# Can I Paint a Plywood Subfloor?



## JazMan

If you think the carpet is unattractive, what do you call plywood? Plus you'll want to avoid going bare footed too. Keep the ugly carpet until you can save up for hardwood or ceramic. It's a good idea to get rid of all carpeting because it makes you sick.  Just wait a few more months.

Jaz


----------



## Nestor_Kelebay

Yes, you can paint plywood underlayment, but it won't look good for long. The problem is that plywood underlayment is made from softwoods like fir or poplar, and these just aren't hard enough to stand up to scratches (caused by moving furniture) or dents (caused by furniture or dropping things).

So, yeah, you can paint it, but you'll be wanting to cover it up soon, too.

Consider pulling up your old carpet and using double sided carpet tape to install "Kanga-back" carpet yourself in your house. Kanga-back carpet is the carpet with the foam rubber backing already stuck to it. Spread it out in your room so that it laps up the walls a few inches, and cut it with a razor knife in slits every 4 or 5 feet along the perimeter of every room so that you can tell exactly where to cut it so that it stops right at the wall. Mark and cut, and then pull the carpet a foot or two back and press double sided carpet tape down around the perimeter of the floor. Press the carpet down into that double sided tape, and you're OK for a few years. The foam rubber backing will prevent the carpet from sliding around under foot, and if it starts to lift in the door way, screw down a metal threshold over the edge or seam there to keep it from lifting.


----------



## Nestor_Kelebay

Alternatively, pull out your carpet and put down COMMERCIAL wallpaper with a water soluble wallpaper PASTE. The difference between an adhesive and a paste is that an adhesive cures (like cement cures into concrete) whereas a paste dries (like muck dries into mud). That way, you can remove the wallpaper with water in future.

Commercial wallpaper is much thicker and stronger than residential wallpaper, and the vinyl coating is much thicker to stand up to years of cleaning.

Then, paint that commercial wallpaper with a hardwood floor polyurethane to act as a durable wear layer if the floor is attractive. Otherwise paint it with an alkyd or polyurethane floor paint. 

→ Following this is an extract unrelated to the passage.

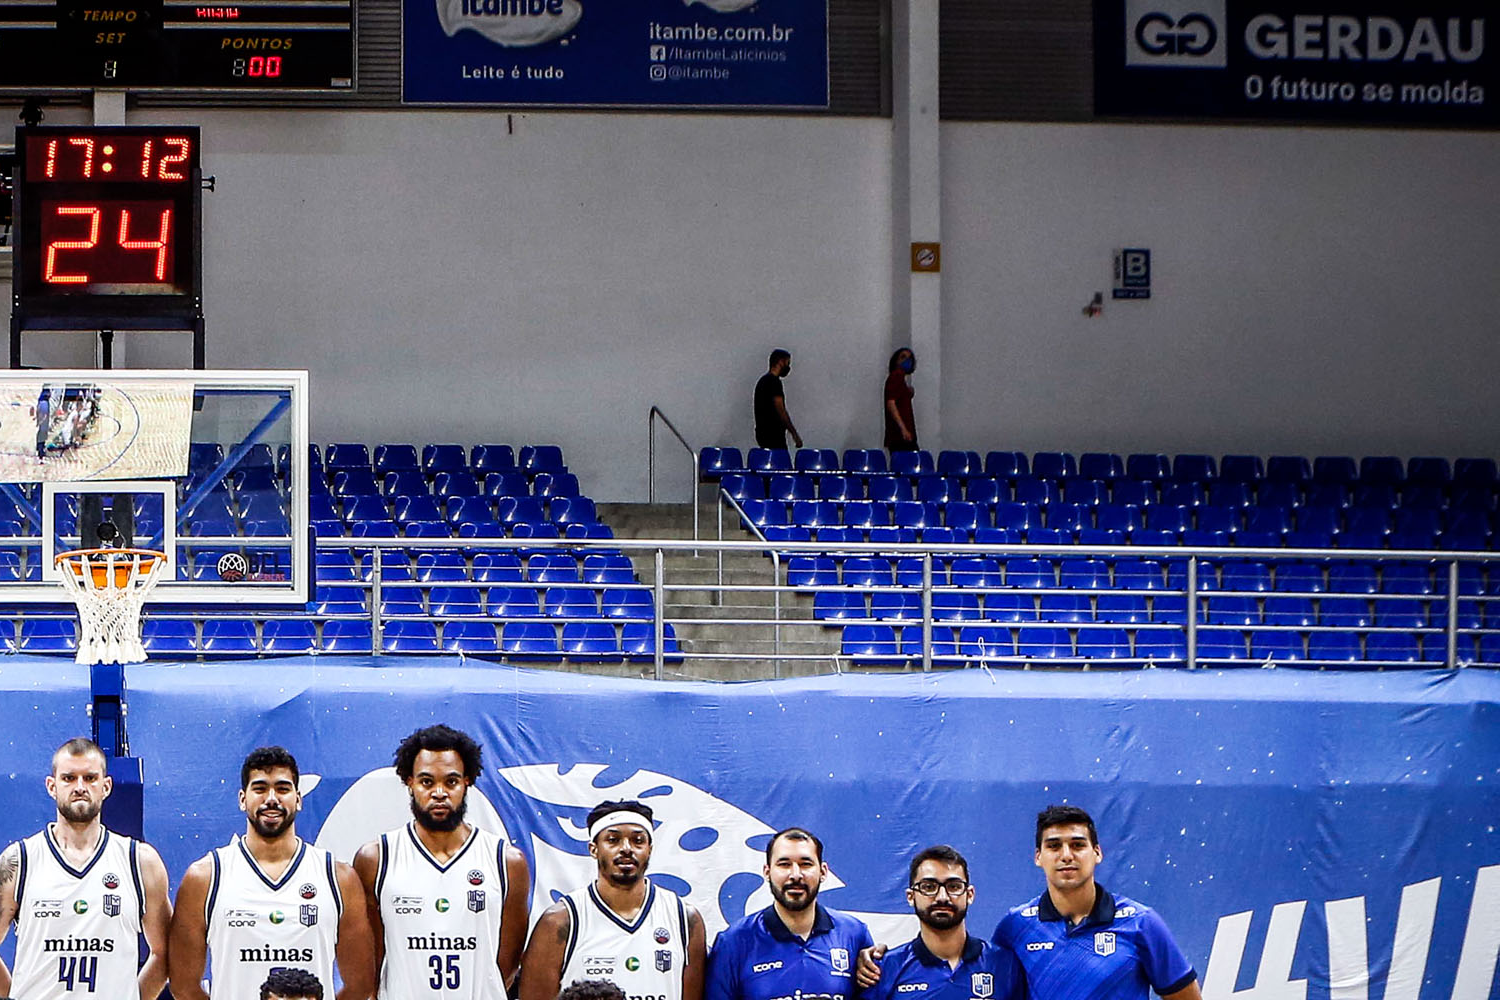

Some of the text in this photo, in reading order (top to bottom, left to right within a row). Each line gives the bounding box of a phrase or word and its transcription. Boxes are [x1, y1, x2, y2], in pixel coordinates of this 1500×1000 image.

That way, in future, you can strip that old flooring off just by poking tiny holes in it with a Paper Tiger and wetting down the floor until the wallpaper paste starts to let go.


----------



## CCSowner

There is a way to do it and have it come out good. But I'm not even going to tell you how in because your on a tight budget. I would just go to lowes and pick up some cheap tile or hardwood. I know all the lowes in this area are selling a cream looking tile for .77cents a sq/ft....it's not bad to work with I just installed 300+ sq/ft of it.


----------



## Bud Cline

> Alternatively, pull out your carpet and put down COMMERCIAL wallpaper...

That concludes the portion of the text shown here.